The "h3" ALPN ID is defined for the final version of the HTTP/3 protocol in the HTTP/3 Internet Draft.

Note that the nextHopProtocol attribute is intended to identify the network protocol in use for the fetch regardless of how it was actually negotiated; that is, even if ALPN is not used to negotiate the network protocol, this attribute still uses the ALPN Protocol ID's to indicate the protocol in use.

On getting, the workerStart attribute MUST return as follows:

  1. If the current browsing or worker context's have an active worker [[service-workers-1]]:

    1. the time immediately before the user agent fires an event named `fetch` at the active worker if the worker is available.
    2. the time immediately before the user agent runs the worker required to service the request.
  2. zero, otherwise.

Note that according to the definition of time origin in workers, it is possible that some attributes of navigation preload requests will have negative DOMHighResTimeStamp values.

On getting, the redirectStart attribute MUST return as follows:

  1. The time immediately before the user agent starts to fetch the resource that initiates the redirect, if there are HTTP redirects or equivalent when fetching the resource and the resource passes the timing allow check algorithm.
  2. zero, otherwise.

On getting, the redirectEnd attribute MUST return as follows:

  1. The time immediately after receiving the last byte of the response of the last redirect, if there are HTTP redirects or equivalent when fetching the resource and the resource passes the timing allow check algorithm.
  2. zero, otherwise.

On getting, the fetchStart attribute MUST return as follows:

  1. The time immediately before the user agent starts to fetch the final resource in the redirection, if there are HTTP redirects or equivalent.
  2. The time immediately before the user agent starts to fetch the resource otherwise.

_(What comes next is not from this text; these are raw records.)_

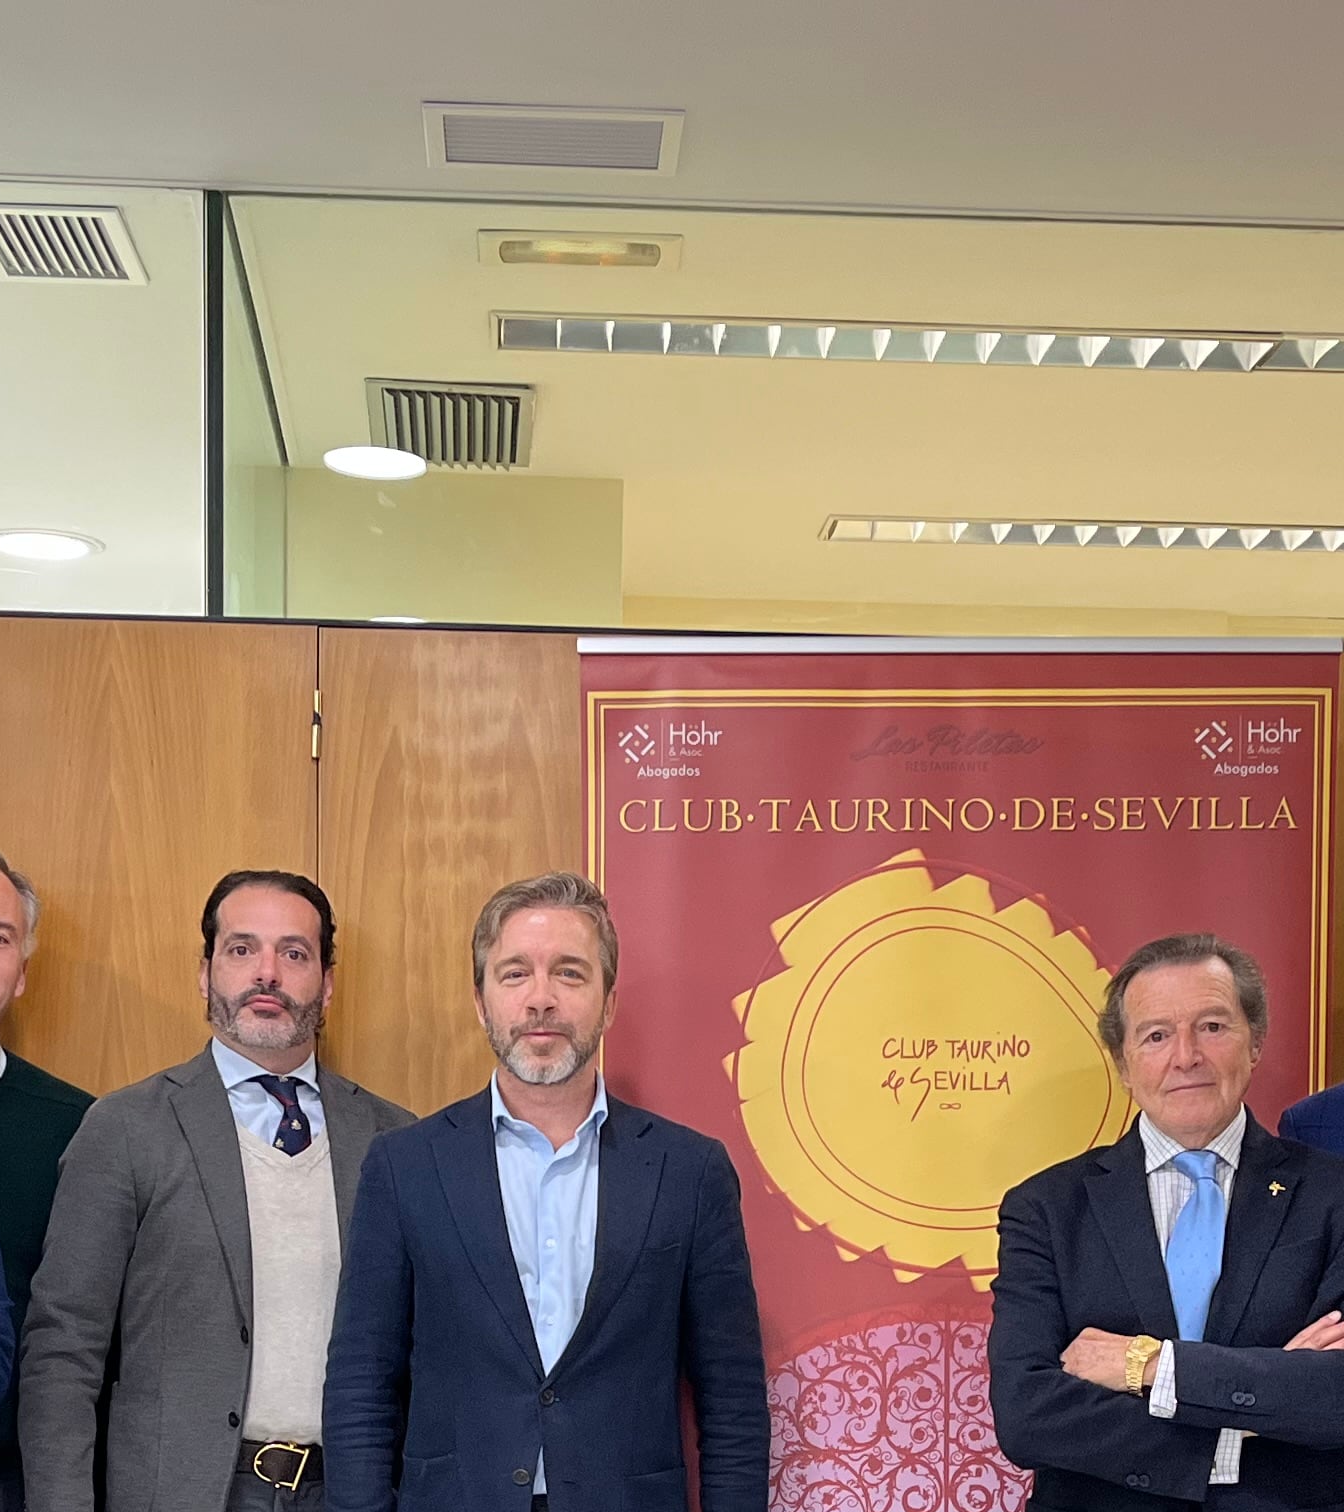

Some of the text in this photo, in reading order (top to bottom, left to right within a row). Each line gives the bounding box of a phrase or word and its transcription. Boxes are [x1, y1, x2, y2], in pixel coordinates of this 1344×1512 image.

[669, 720, 723, 745] Höhr
[927, 723, 1045, 757] Piletas
[1247, 717, 1302, 743] Höhr
[637, 764, 700, 779] Abogados
[905, 760, 989, 773] RESTAURANTE
[1214, 762, 1279, 777] Abogados
[882, 1037, 938, 1060] CLUB

On getting, the domainLookupStart attribute MUST return as follows:

  1. Zero, if the resource fails the timing allow check algorithm.
  2. The same value as fetchStart, if no domain lookup was required to fetch the resources (e.g. if a persistent connection [[RFC7230]] was used or in case the resource was retrieved from relevant application caches or local resources).
  3. The time immediately after the user agent starts the domain data retrieval from the domain information cache, if the user agent has the domain information in cache.
  4. The time immediately before the user agent starts the domain name lookup for the resource, otherwise.

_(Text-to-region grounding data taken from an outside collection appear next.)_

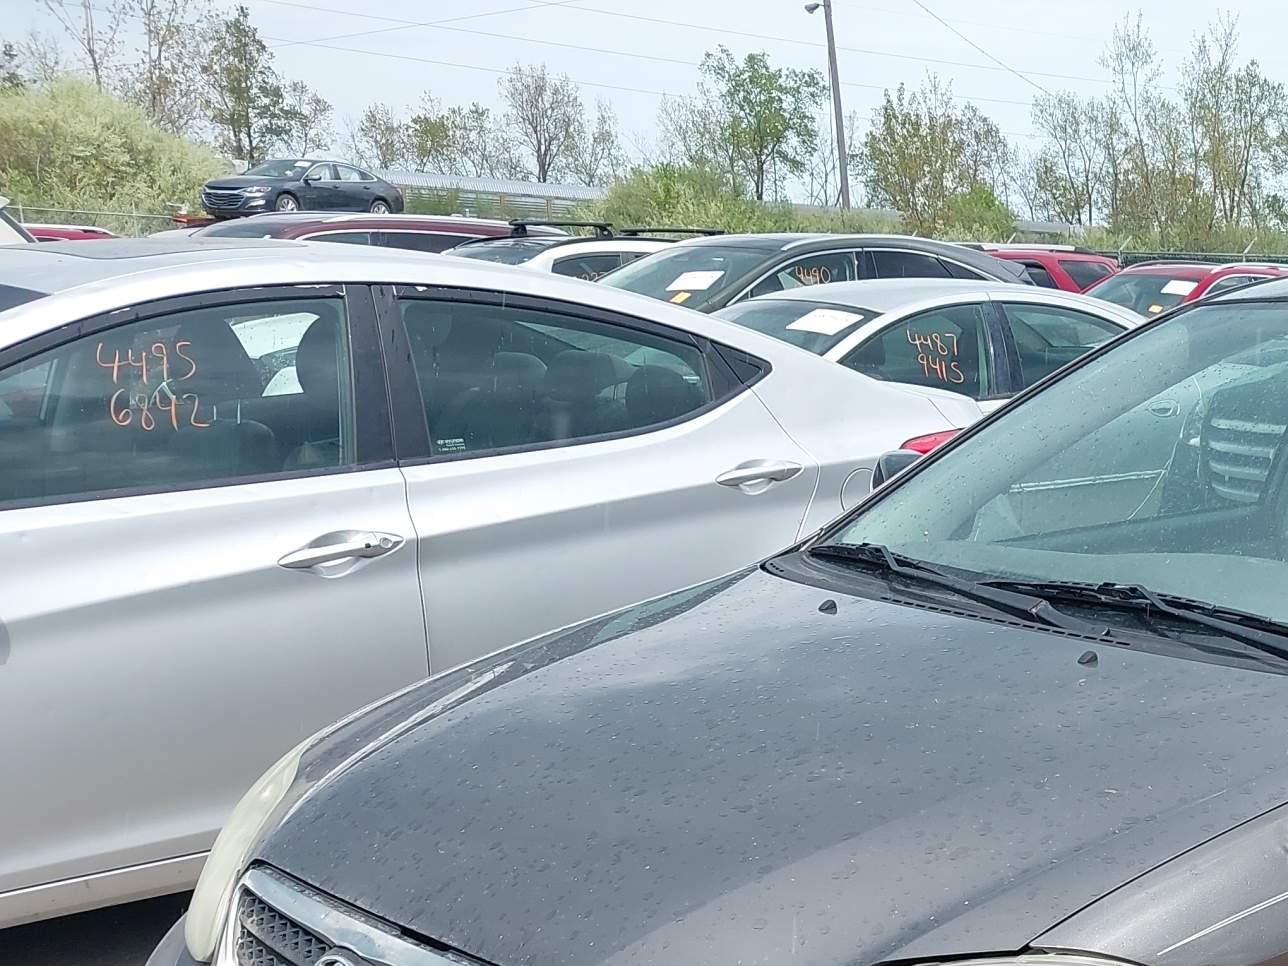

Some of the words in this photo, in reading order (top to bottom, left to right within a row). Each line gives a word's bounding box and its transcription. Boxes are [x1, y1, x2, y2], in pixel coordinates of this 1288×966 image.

[795, 265, 831, 286] 4490
[906, 328, 958, 356] 4487
[97, 341, 196, 384] 4495
[918, 353, 965, 384] 9415
[110, 388, 210, 431] 6842

On getting, the domainLookupEnd attribute MUST return as follows:

  1. Zero, if the resource fails the timing allow check algorithm.
  2. The same value as fetchStart, if no domain lookup was required to fetch the resources (e.g. if a persistent connection [[RFC7230]] was used or in case the resource was retrieved from relevant application caches or local resources).
  3. The time immediately after the user agent ends the domain data retrieval from the domain information cache, if the user agent has the domain information in cache.
  4. The time immediately after the user agent finishes the domain name lookup for the resource, otherwise.

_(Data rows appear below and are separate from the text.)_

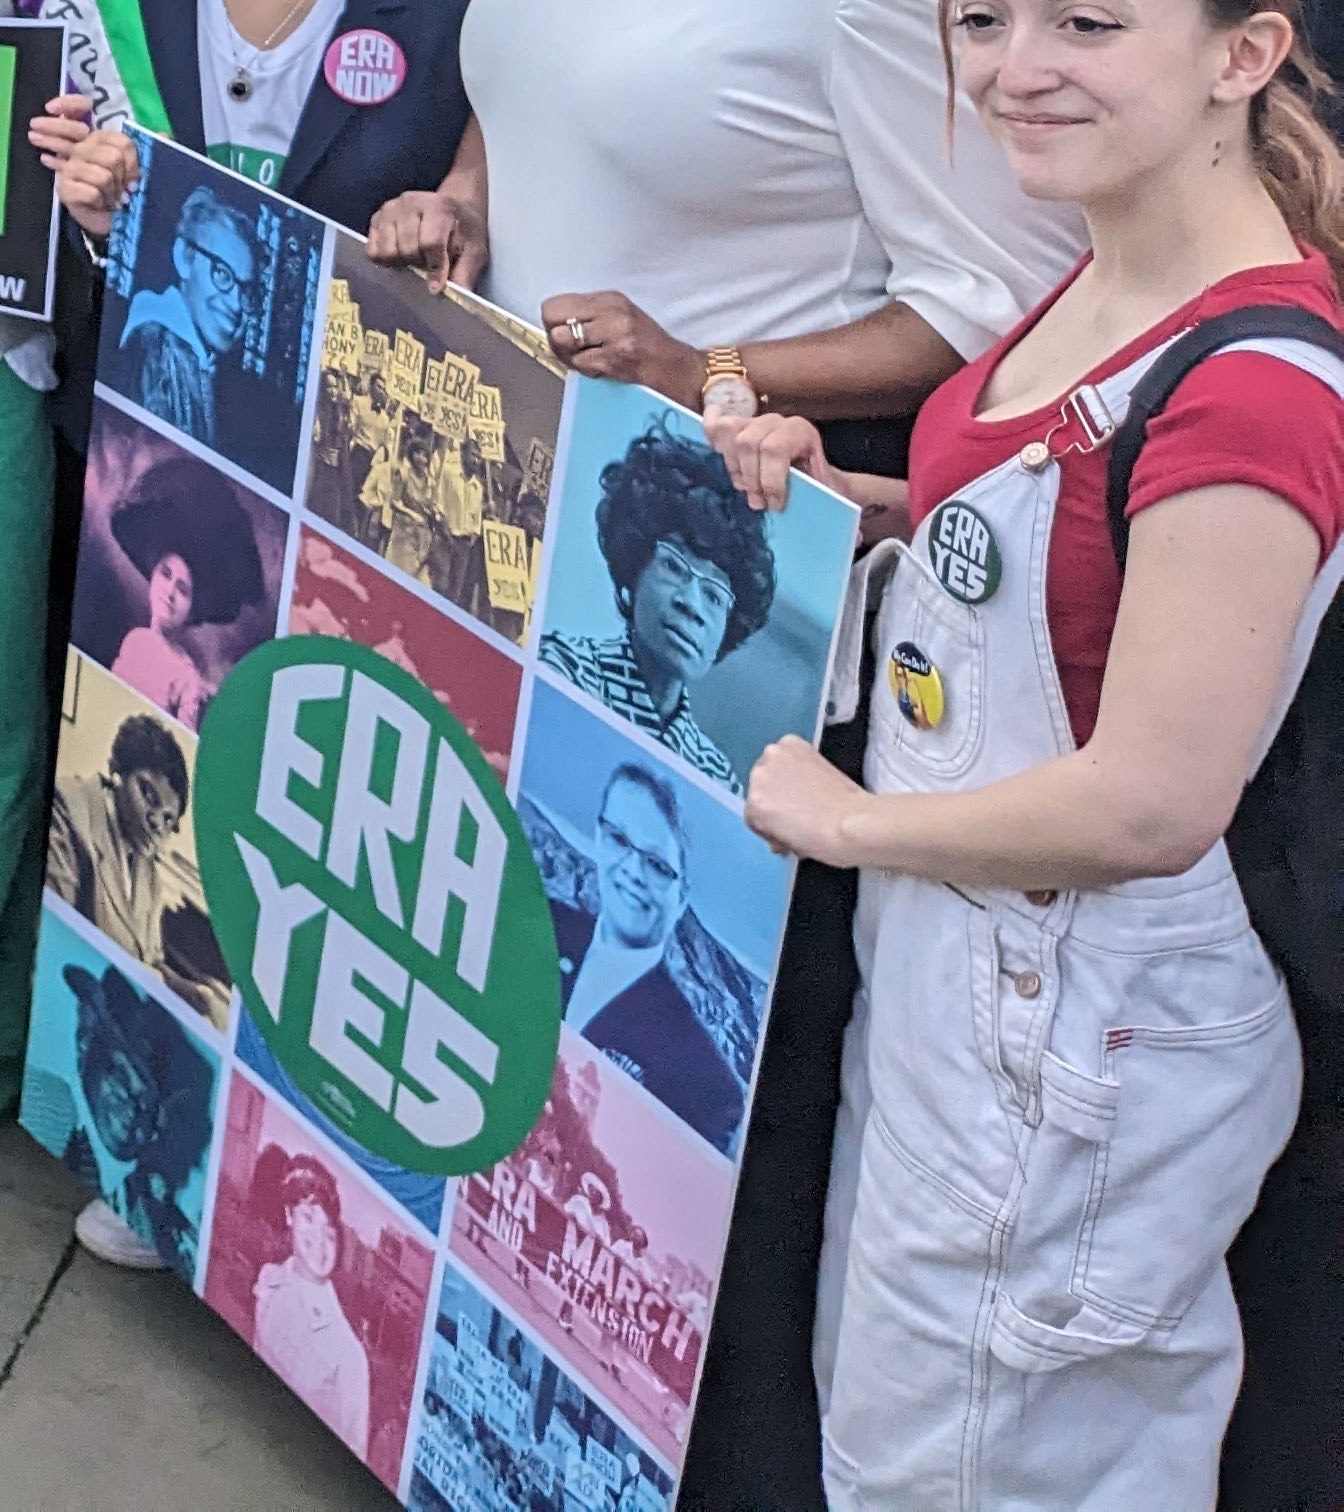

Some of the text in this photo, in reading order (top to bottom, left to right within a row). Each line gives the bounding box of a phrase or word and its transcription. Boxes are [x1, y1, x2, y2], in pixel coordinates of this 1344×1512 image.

[340, 35, 394, 69] ERA
[335, 67, 397, 100] NOW
[396, 337, 421, 372] ERA
[443, 361, 477, 404] ERA
[486, 528, 526, 570] ERA
[938, 506, 990, 566] ERA
[932, 539, 988, 600] YES
[255, 663, 509, 993] ERA
[232, 830, 500, 1149] YES
[545, 1250, 655, 1365] EXTENSION
[562, 1219, 695, 1361] MARCH

On getting, the connectStart attribute MUST return as follows:

  1. Zero, if the resource fails the timing allow check algorithm.
  2. The same value as fetchStart, if a persistent connection [[RFC7230]] is used or the resource is retrieved from relevant application caches or local resources.
  3. The time immediately before the user agent start establishing the connection to the server to retrieve the resource, otherwise.

    If the transport connection fails and the user agent reopens a connection, connectStart SHOULD return the corresponding value of the new connection.

On getting, the connectEnd attribute MUST return as follows:

  1. Zero, if the resource fails the timing allow check algorithm.
  2. The same value as fetchStart, if a persistent connection [[RFC7230]] is used or the resource is retrieved from relevant application caches or local resources.
  3. The time immediately after the user agent finish establishing the connection to the server to retrieve the resource, otherwise.

    The returned time MUST include the time interval to establish the transport connection, as well as other time intervals such as SSL handshake and SOCKS authentication.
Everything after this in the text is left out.